What’s the shortest string of letters that contains the words ONE, TWO, and THREE, each spelled out in order but not necessarily using adjacent letters? It can be done in eight letters — THRWONEE is one example — and it turns out that no shorter solution is possible.
In 2001, A. Ross Eckler set out to do the same thing with the names of the planets, from MERCURY through PLUTO. He got down as far as 26 letters, MNVESARCPJLUPITHOURYANUSER, and to my knowledge no one has found a shorter solution.
Dana Richards offered a discussion of the problem from a computing perspective later that year. He found that Eckler’s task is related to a problem in Garey and Johnson’s 1979 Computers and Intractability.

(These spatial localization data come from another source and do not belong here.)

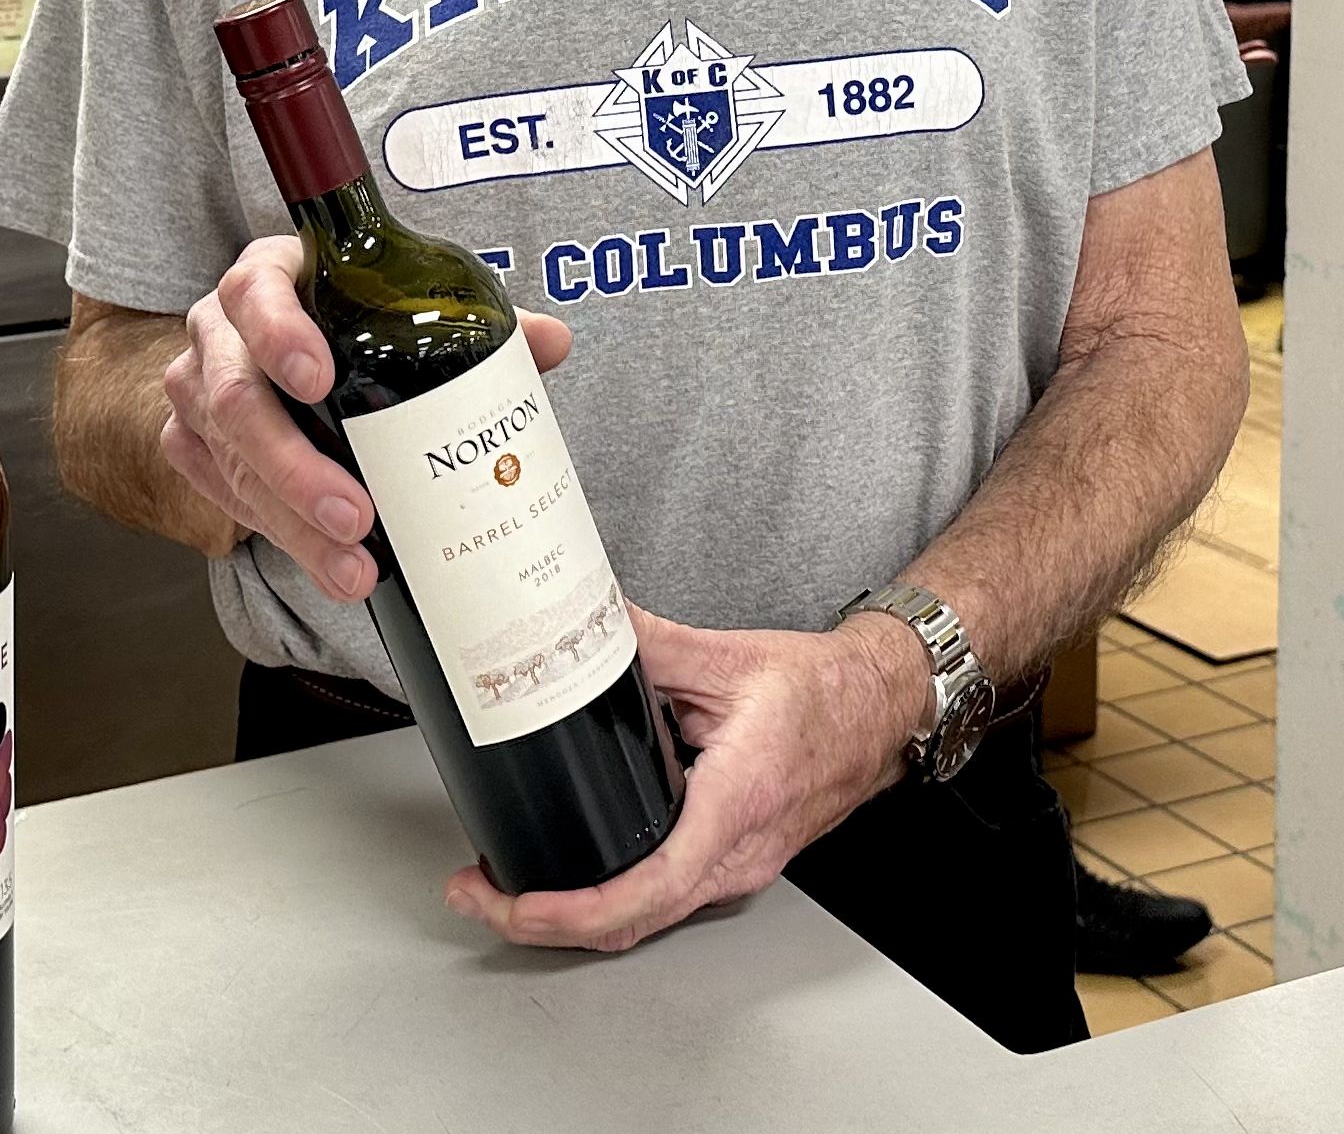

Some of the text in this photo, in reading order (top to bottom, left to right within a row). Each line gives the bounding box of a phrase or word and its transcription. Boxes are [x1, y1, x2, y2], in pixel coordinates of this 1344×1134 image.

[642, 62, 728, 95] K OF C
[817, 75, 917, 119] 1882
[457, 114, 554, 162] EST.
[542, 195, 966, 307] COLUMBUS
[423, 392, 540, 480] NORTON
[441, 468, 573, 562] BARREL SELECT
[518, 544, 566, 582] MALBEC
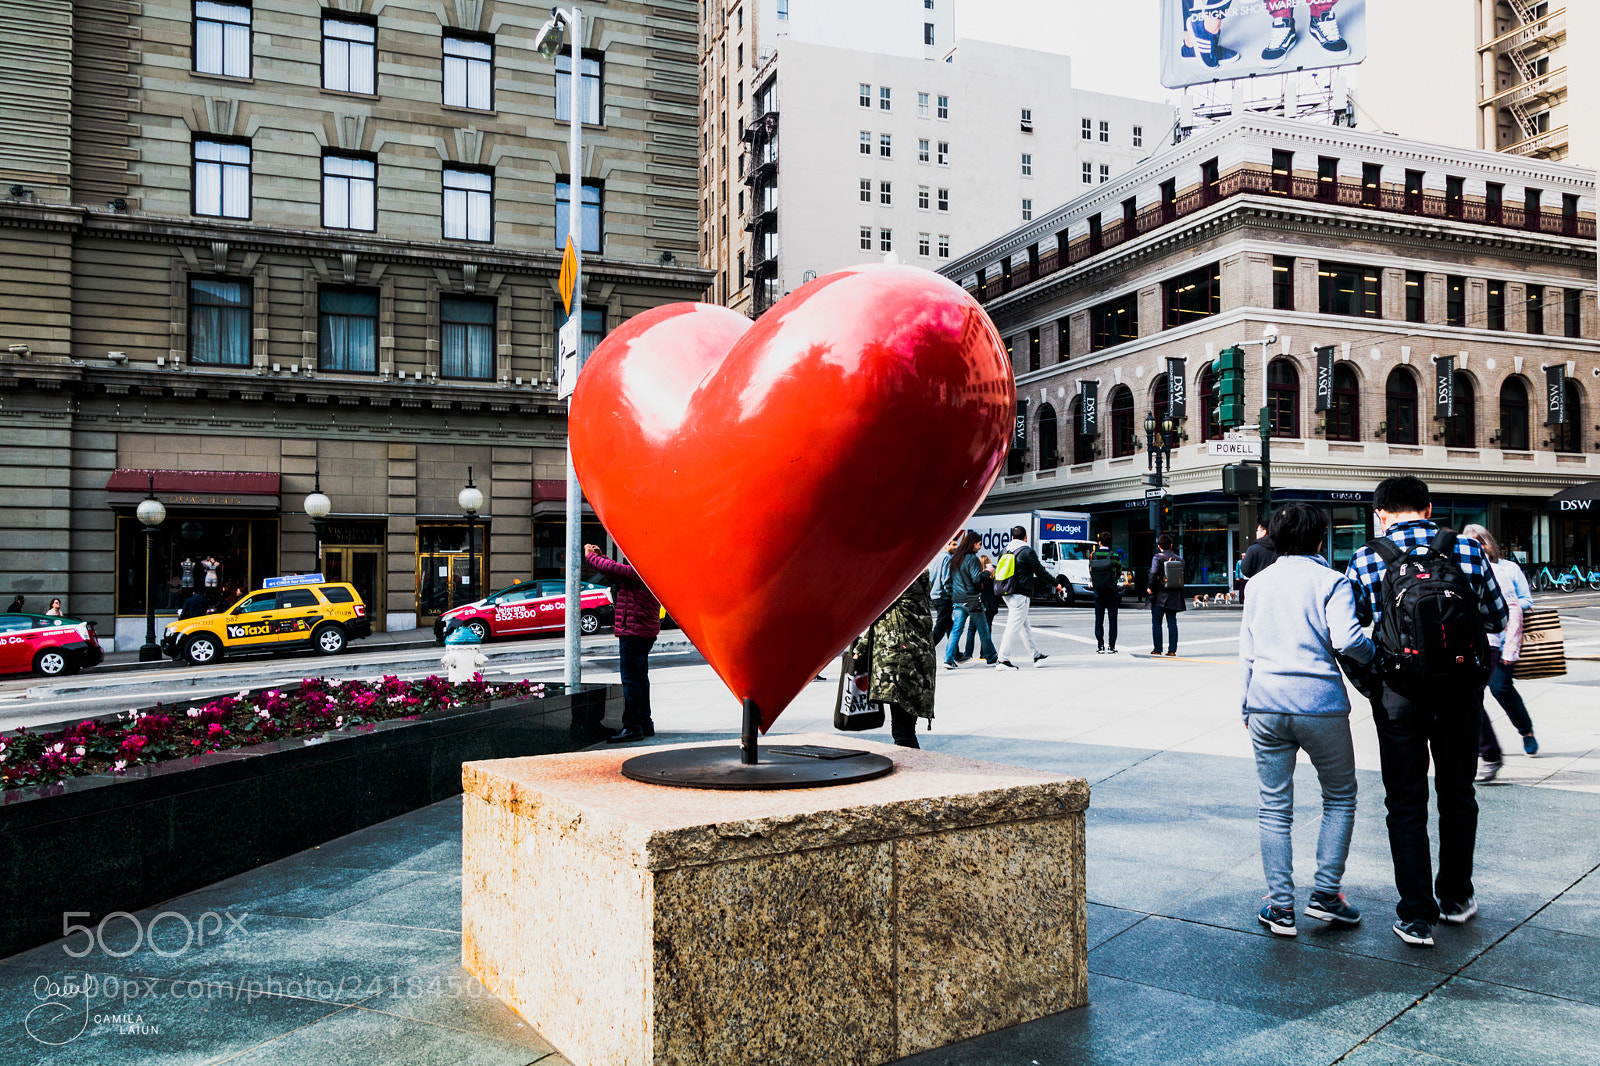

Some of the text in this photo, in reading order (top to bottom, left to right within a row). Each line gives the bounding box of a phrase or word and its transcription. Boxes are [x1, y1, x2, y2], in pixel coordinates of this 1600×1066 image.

[1191, 7, 1238, 23] DESIGNER
[1240, 4, 1268, 15] SHOE
[1319, 366, 1328, 396] DSW
[1173, 375, 1183, 405] DSW
[1438, 375, 1448, 404] DSW
[1549, 383, 1560, 411] DSW
[1086, 397, 1095, 424] DSW
[1016, 415, 1025, 439] DSW
[1216, 443, 1253, 454] POWELL
[1331, 492, 1355, 500] CHASE
[1560, 500, 1591, 510] DSW
[1056, 523, 1081, 535] Budget
[495, 606, 526, 615] Veterans
[539, 603, 554, 612] Cab
[495, 609, 536, 621] 552-1300
[228, 621, 270, 637] YoTaxi
[9, 636, 24, 644] Co.
[845, 676, 853, 695] I
[845, 694, 867, 704] CAP

“Why would planet packing be found in a serious computer science book?” he writes. “It turns out to be an important problem with applications to data compression, DNA sequencing, and job scheduling. … The first practical thing is to abandon all hope of solving the problem with a fast algorithm that always gets the optimal answer.”
(A. Ross Eckler, “Planet Packing,” Word Ways 34:2 [May 2001], 157.)
09/23/2017 UPDATE: Reader Mikko Ratala has found a 25-letter solution: JVSMEURANEPLICTUERNTYESOH. “The string is not unique solution as you can, for example, change the order of the first four letters as you wish.”